ウェンの片割れであるウィンや赤髪の青年が

舞台を降りてフィアとウェンの傍にぞろぞろと集まってくる。


「ウェン!大丈夫か??」


「平気平気!この子が助けてくれたよ~」


ウィンの言葉に笑顔で答えるウェン。


「・・ありがとう。ウェンが世話になった」


「い、いえ・・」


ウィンの生真面目な台詞に

フィアは自分は大したことはしていないと首を振る。


「・・すまない、配慮が足りなかった」


ウェンに謝罪するイーグル。


「謝らないでください、イーグルさんっ

あの状況で加減までされたらさすがにへこみますって~」


ウェンは相変わらずの笑顔でイーグルに軽く応対する。



「フィア、ありがとう。

君のおかげで被害は出ずにすんだよ」


ギルドマスターが上位のギルドメンバーを率いてフィアに礼を言いに来る。


「いえ・・そんなことないです

ーーそれよりも、お久しぶりです。マスター」


「ああ。久しいね。今日は鍛錬に?」


「はい。でも、ここにマスターがいらっしゃると聞いたので」


「そうかい。まだみていってくれるかい?」


「はい、もちろんです」


フィアとマスターは二人静かに言葉を交わした。

やりとりは親子・・いや、祖父と孫のようだ。


「巻き込んですまなかった・・」


イーグルもまたフィアに謝罪を申し出る。


イーグルからすれば手加減はある程度したはずだが

咄嗟のことで少し力を入れすぎたのだろう。

飛ばす方角も頭には入れていなかったはずだ。


「いえ、距離があったので大丈夫です」

フィアも恐縮しながら首を振る。


「他の奴らじゃ、大丈夫だなんて言ってくれないぜ、

激怒されて逆ギレされての大パニックだ。
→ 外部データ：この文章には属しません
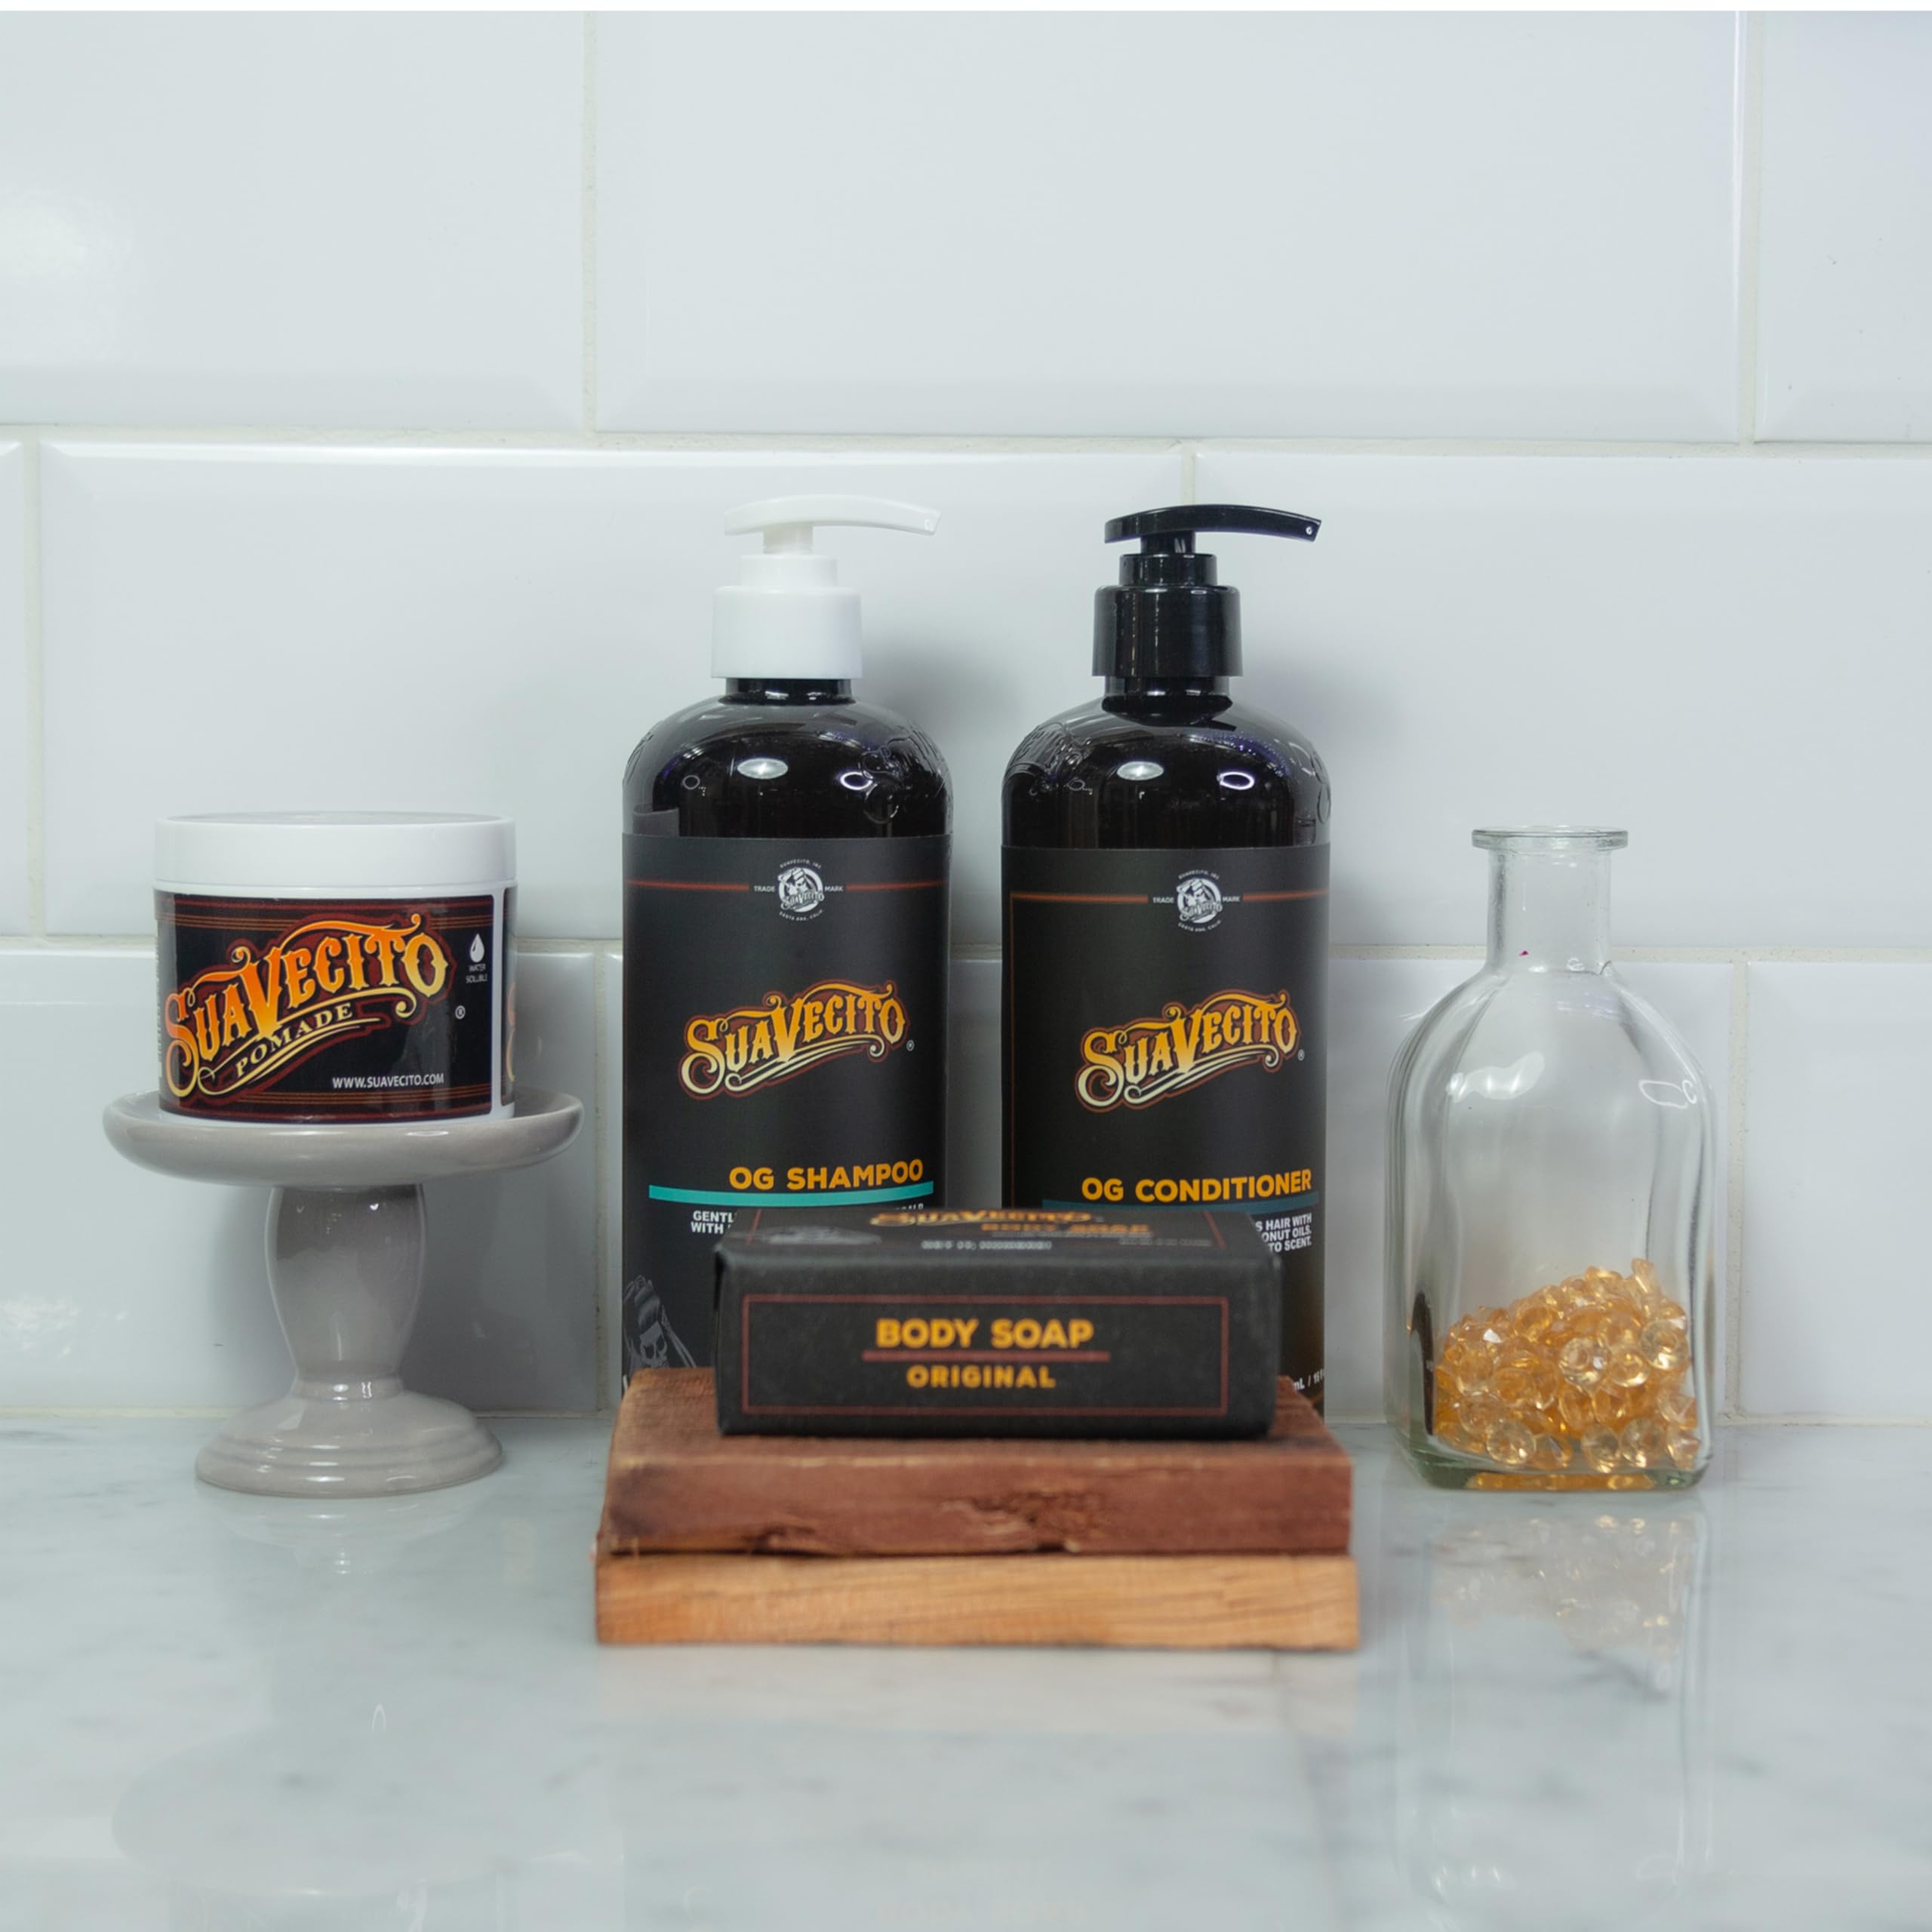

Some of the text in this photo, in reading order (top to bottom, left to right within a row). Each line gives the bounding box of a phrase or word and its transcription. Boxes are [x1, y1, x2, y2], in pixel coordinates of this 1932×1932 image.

よかったなイーグル」


上位メンバーの一人がイーグルの肩をぽんっと軽く叩いて言った。


「そ、そんなことないよなぁ?みんな!」


それを聞いたフィアの傍にいた男が周りを見渡して声を上げる。


「そ、そうだ!ガキが一人二人飛ばされてきたところで

怒ったり驚きやしないさ!な?」


「お、俺たちをなめんなよ?

も、もうちょっと近くで見てたって軽く対応できたさ!」


「そうそう、もし仮にぶち当たっても

怪我なんてするほどやわな奴は周りにはいないぜ!

ぎゃ、逆ギレなんてしねーよっっ」


周囲は強がりを見せて笑い合う。


「イーグルさん、オレには手加減しないでくださいよ」


赤髪の青年が闘志を孕んだ紅い瞳で

イーグルに視線を向ける。


燃えるような明るくて濃い赤。


爛々と輝く瞳は早く勝負がしたいと

せがんでいるようにも見える。


「ああ、もちろんだ」


間をおかずに赤髪の青年の腕試しが始まった。